WORK TO BE COMPLETED: Each line below must be set down exactly; omit any image you find.

INPUT DATA:
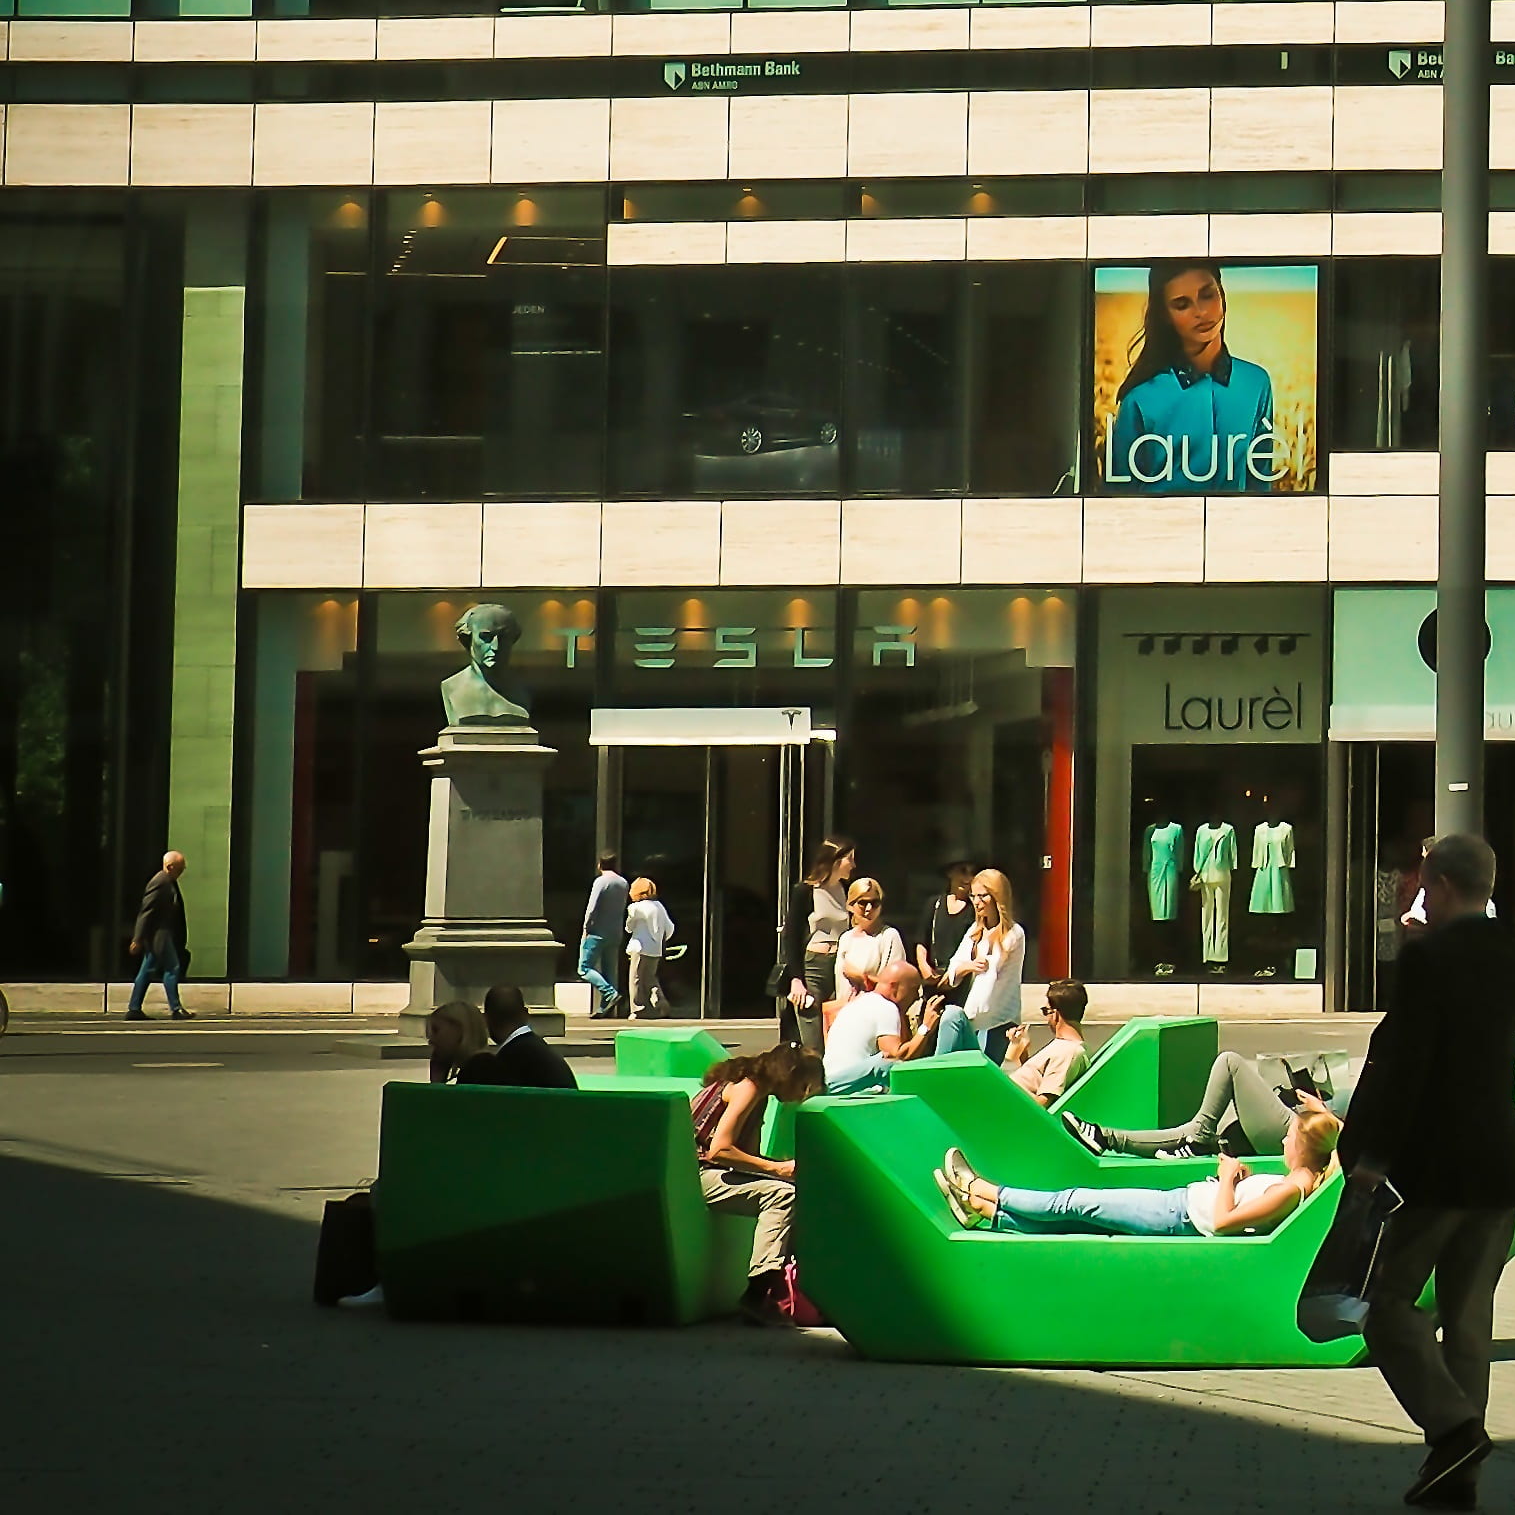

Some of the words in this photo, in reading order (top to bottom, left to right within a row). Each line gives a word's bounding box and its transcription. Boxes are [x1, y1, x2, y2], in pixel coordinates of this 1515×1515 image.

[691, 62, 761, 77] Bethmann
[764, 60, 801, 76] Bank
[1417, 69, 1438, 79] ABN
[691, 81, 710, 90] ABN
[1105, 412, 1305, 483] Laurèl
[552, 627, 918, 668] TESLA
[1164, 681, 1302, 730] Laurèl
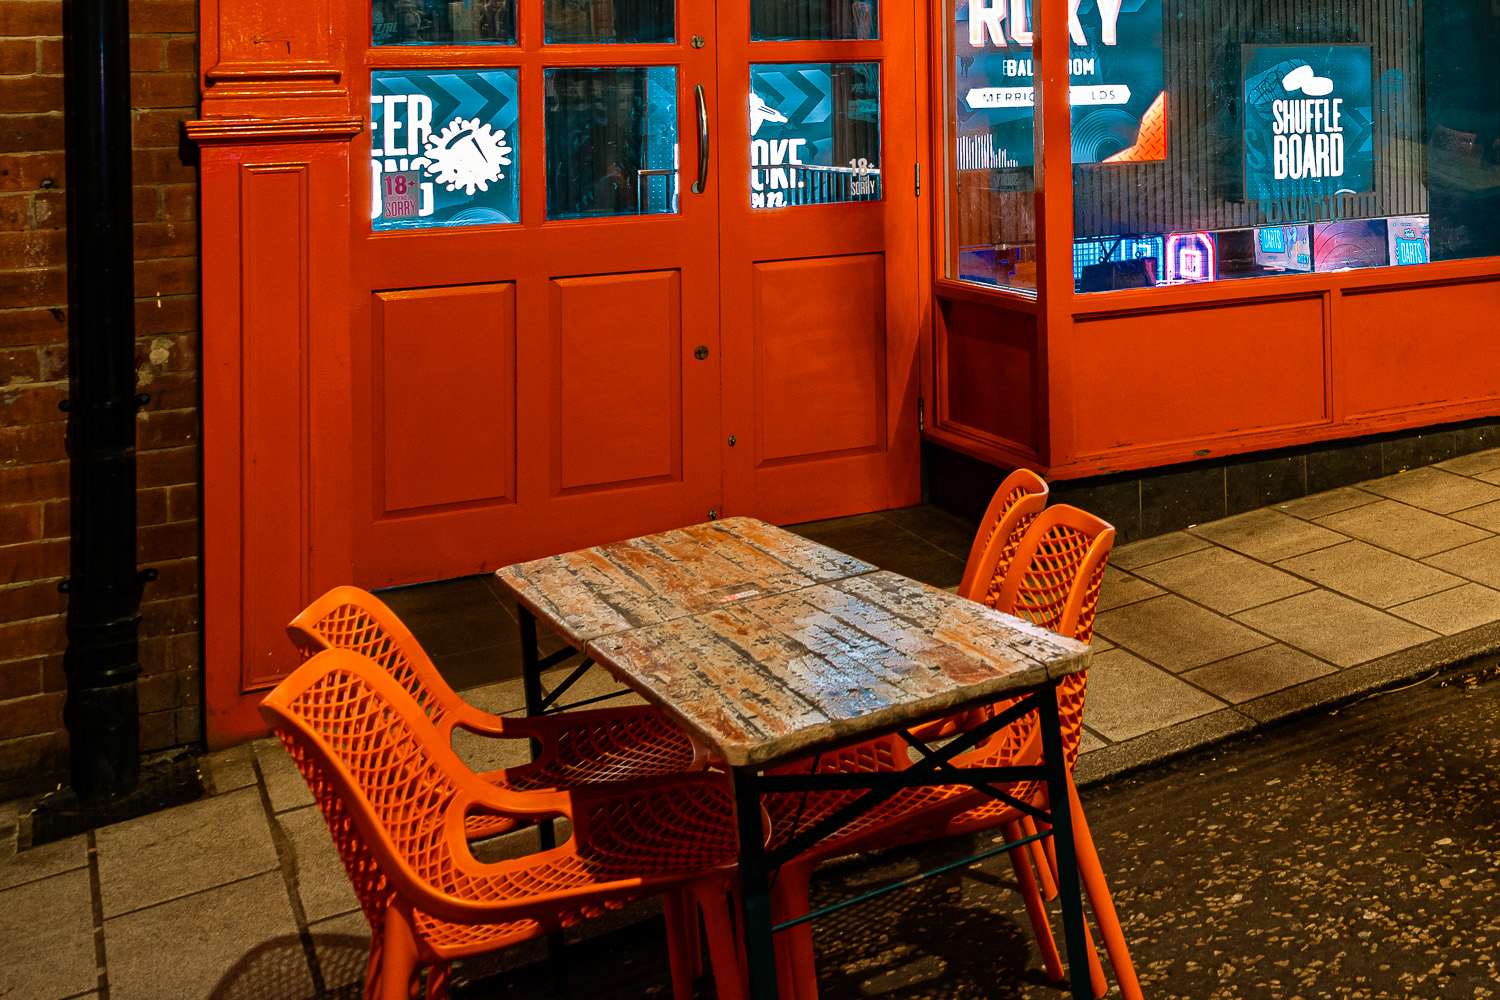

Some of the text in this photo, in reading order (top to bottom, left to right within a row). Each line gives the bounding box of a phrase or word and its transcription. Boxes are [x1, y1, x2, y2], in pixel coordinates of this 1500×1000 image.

OUTPUT FOR THIS TASK:
Some of the words in this photo, in reading order (top to bottom, left to right within a row). Each line gives a word's bounding box and its transcription. Boxes are [x1, y1, x2, y2], in pixel coordinates of this 1515×1515 image.

[691, 62, 761, 77] Bethmann
[764, 60, 801, 76] Bank
[1417, 69, 1438, 79] ABN
[691, 81, 710, 90] ABN
[1105, 412, 1305, 483] Laurèl
[552, 627, 918, 668] TESLA
[1164, 681, 1302, 730] Laurèl

Some of the text in this photo, in reading order (top to bottom, left to right within a row). Each line gives the bounding box of a phrase or word and its transcription. Boxes are [x1, y1, x2, y2], in pixel coordinates of this 1500×1000 image.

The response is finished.